Recojo ahora el testigo y me permito añadir otra reflexión que podríamos llamar urbanística, política o sociológica.
Esta escena mañanera que describe el buen jesuita ¿Dónde podríamos localizarla? Hace algunos años podría estar ambientada en cualquiera de nuestros pueblos o en cualquier barrio de cualquier país occidental. Ahora mucho me temo que no sería tan fácil encontrarla. Porque se habla mucho de diversidad y de acoger al distinto pero mientras tanto nos hemos cargado la riqueza social más básica que era la convivencia intergeneracional. No hace mucho las plazas, los jardines, los bares o las iglesias eran puntos de encuentro familiar. En ellos compartían espacio y tiempo los niños, los jóvenes, los adultos y los ancianos. Ahora, cuando coinciden, lo hacen de forma casual en sus respectivos desplazamientos, como si fueran especies diferentes. Existen barrios y pueblos envejecidos en los que no hay jóvenes. Urbanizaciones recientes en las que no hay viejos. Ciudades hostiles en las que no puede haber niños jugando.
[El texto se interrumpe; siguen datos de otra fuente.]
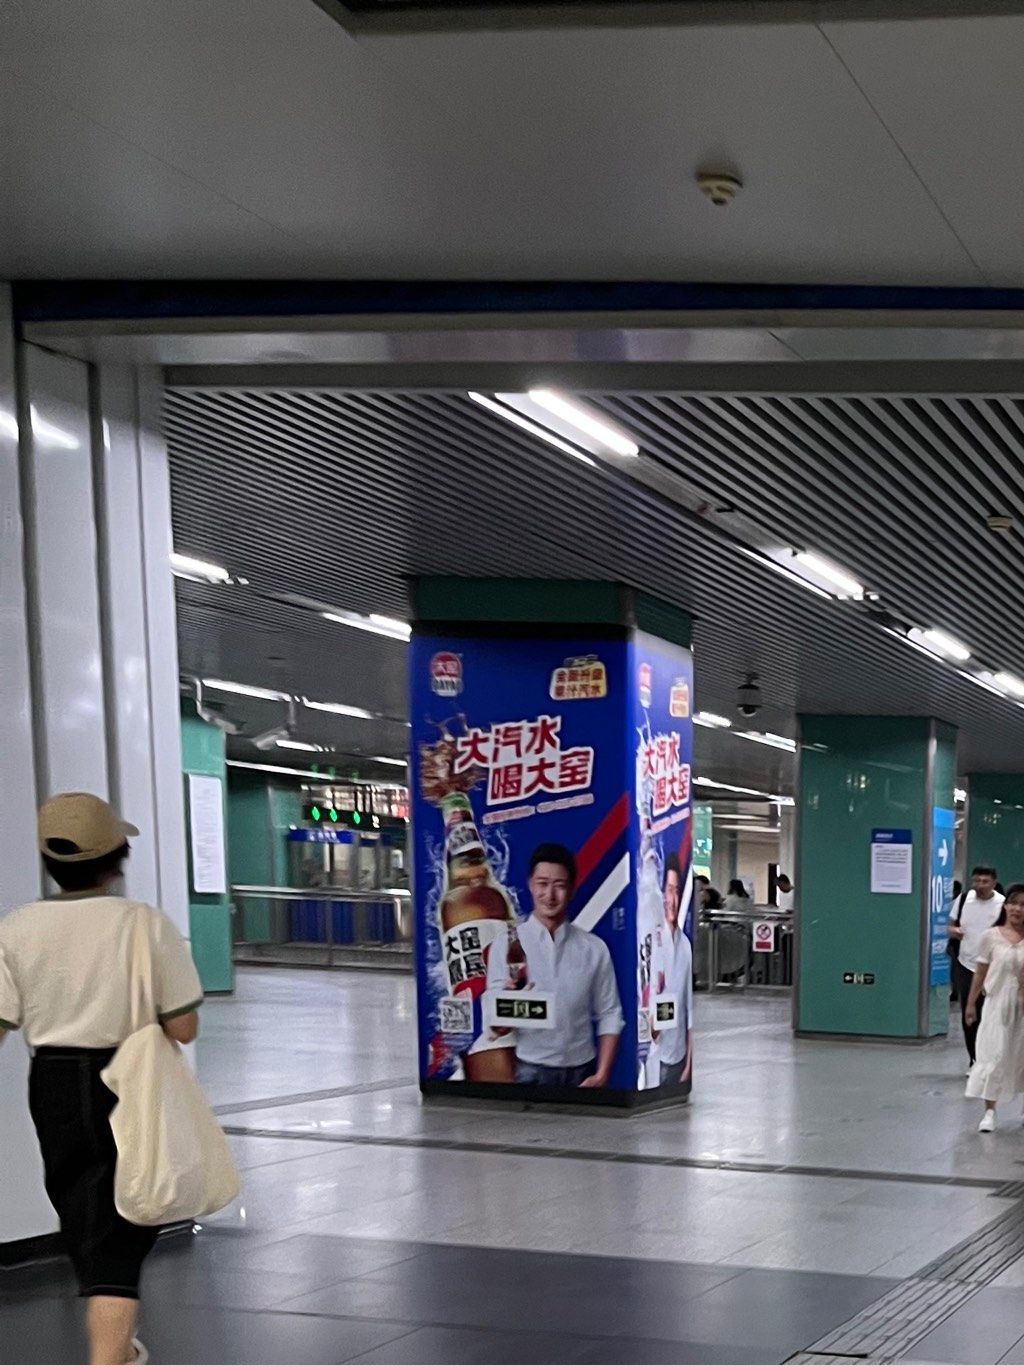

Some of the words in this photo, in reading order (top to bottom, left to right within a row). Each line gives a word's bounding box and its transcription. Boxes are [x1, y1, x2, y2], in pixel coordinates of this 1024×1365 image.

Rincones apartados reservados para la gente joven. Y no, no es una pura tendencia natural. Esta disgregación, este auténtico desastre comunitario, ha sido buscado y querido expresamente por todas las políticas antifamilia que llevan décadas publicándose en el BON y en el BOE. No es casualidad. No era inevitable. Esta fractura social es el fruto averiado que ahora recogemos tras una siembra dañina.
No se rindan. Busquen los ambientes, los comercios, los eventos familiares, las cosas normales y de toda la vida. Existen, y necesitan su ayuda.